Il est vrai que nous ne naissons pas tel une page blanche immaculée sur laquelle s’écrit notre histoire. Nous arrivons au monde plutôt tel qu’un manuscrit ancien, auquel nous ajoutons notre récit. Nous transmettons à travers notre identité, notre histoire, sans mot, ni parole, un «héritage» d’émotions, de blessures et de non-dits. Parfois anciens. Le plus souvent, sans même en être conscient.

Mais en devenant parent, un miroir nous est offert. Nos enfants sont en effet des lecteurs très sensibles de ces non-dits, de ces malaises, de ces doutes. De ce qui nous habite et qu’on ignore ou que l’on essaie de cacher.

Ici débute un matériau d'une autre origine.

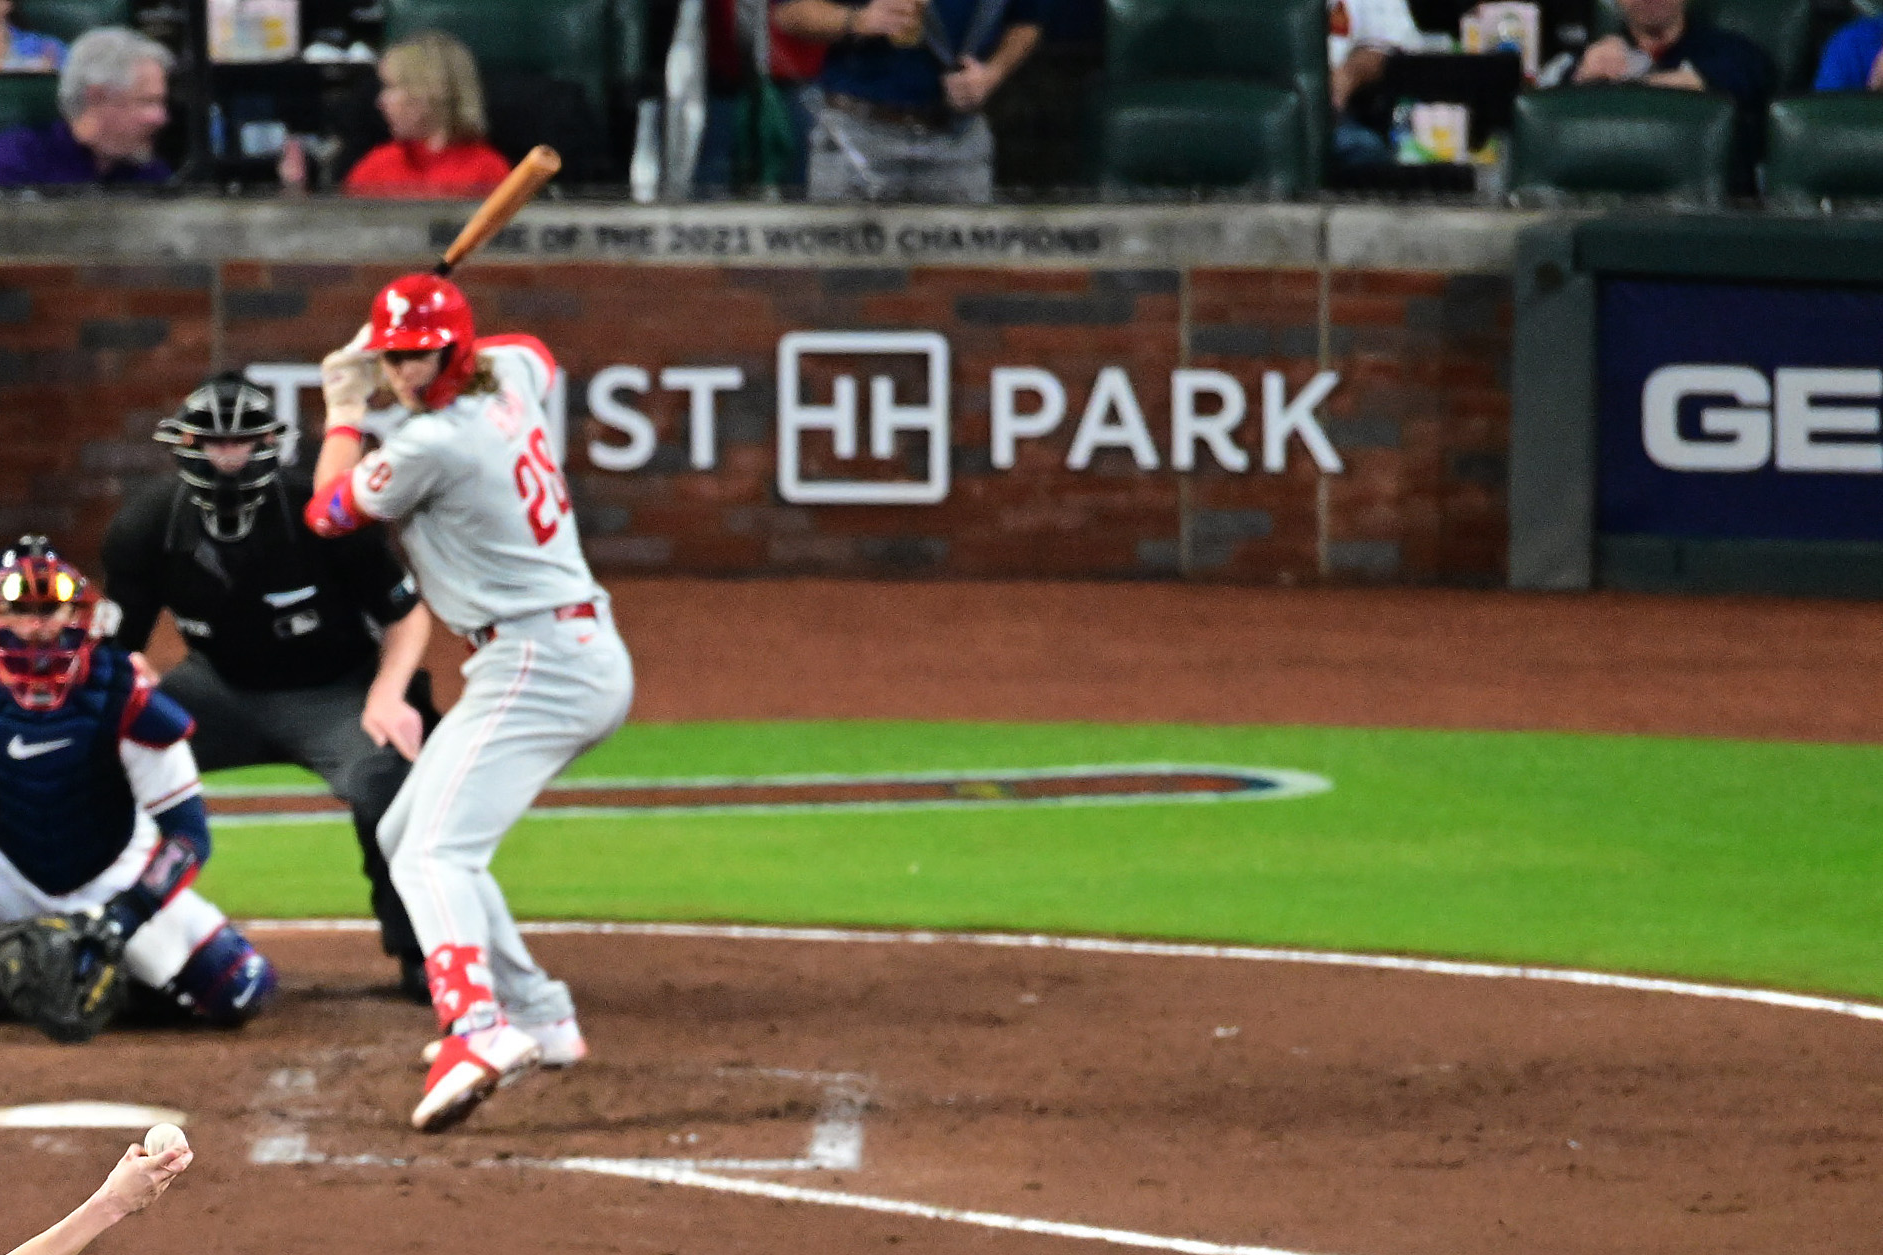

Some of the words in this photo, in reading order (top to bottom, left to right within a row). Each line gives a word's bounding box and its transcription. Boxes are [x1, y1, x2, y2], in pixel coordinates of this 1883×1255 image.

[666, 223, 751, 256] 2021
[763, 221, 885, 256] WORLD
[894, 223, 1102, 256] CHAMPIONS
[989, 365, 1342, 473] PARK

Miroir de notre inconscient

Et comme pour nous aider à voir ce qui est caché à notre conscience, pour mieux le saisir ou pour mettre en lumière ce que nous gardons dans l’ombre, souvent nos enfants réagissent à quelque chose que nous vivons au plus profond de nous, dans le clair-obscur de notre être, comme dit Nicole Prieur1, thérapeute d’enfants et d’adolescents. Voici une histoire qu’elle rapporte dans son livre:

Fabien un beau bébé de 8 mois souffre de troubles du sommeil, de difficultés d’endormissement, réveils en pleine nuit, cris, pleurs. Ses parents ne parviennent pas à le calmer, se sentent dépassés, épuisés, et finissent par dormir à tour de rôle dans la chambre du bébé pour laisser l’autre parent récupérer une nuit sur deux. C’est un enfant nerveux qui a de la peine à fixer le regard. Agnès, la maman, comprend lors d’échange avec Nicole Prieur qu’elle a toujours été élevée dans le mépris des hommes. Agnès explique: «Ma mère a divorcé très tôt de mon père, qui était alcoolique et violent ; elle m’a élevée seule, avec ma grand-mère, qui était veuve. Je n’ai entendu que du mal de mon père, ma mère le traitait de tout les noms.» Plus tard elle réalise : «Ma mère m’a interdit d’aimer mon père [..]. J’ai découvert qu’il avait tenté à plusieurs reprises de me voir, ma mère et ma grand-mère ont toujours fait obstacles.» Elles ont aussi été hostiles à son mariage car pour elles aucun homme n’était digne de confiance. En fait elle n’a jamais été autorisée à estimer un homme. Ainsi quand elle regardait son fils, elle se sentait tiraillée, elle aurait voulu le regarder avec son propre regard de mère aimante et confiante, mais malgré elle, elle ne parvenait pas à se dissocier de cette disqualification familiale quasi systématique des hommes et elle craignait d’imaginer que son fils devînt aussi un jour un homme méprisable. Bien que cela puisse paraître étonnant, Fabien a ressenti quelque chose de cet ordre-là; un bébé se construit à partir de l’image que lui renvoie la regard de sa mère [..]. Tant que le regard de cette mère était troublé en quelque sorte, imprégné de la parole de sa propre mère, il ne pouvait rassurer son fils.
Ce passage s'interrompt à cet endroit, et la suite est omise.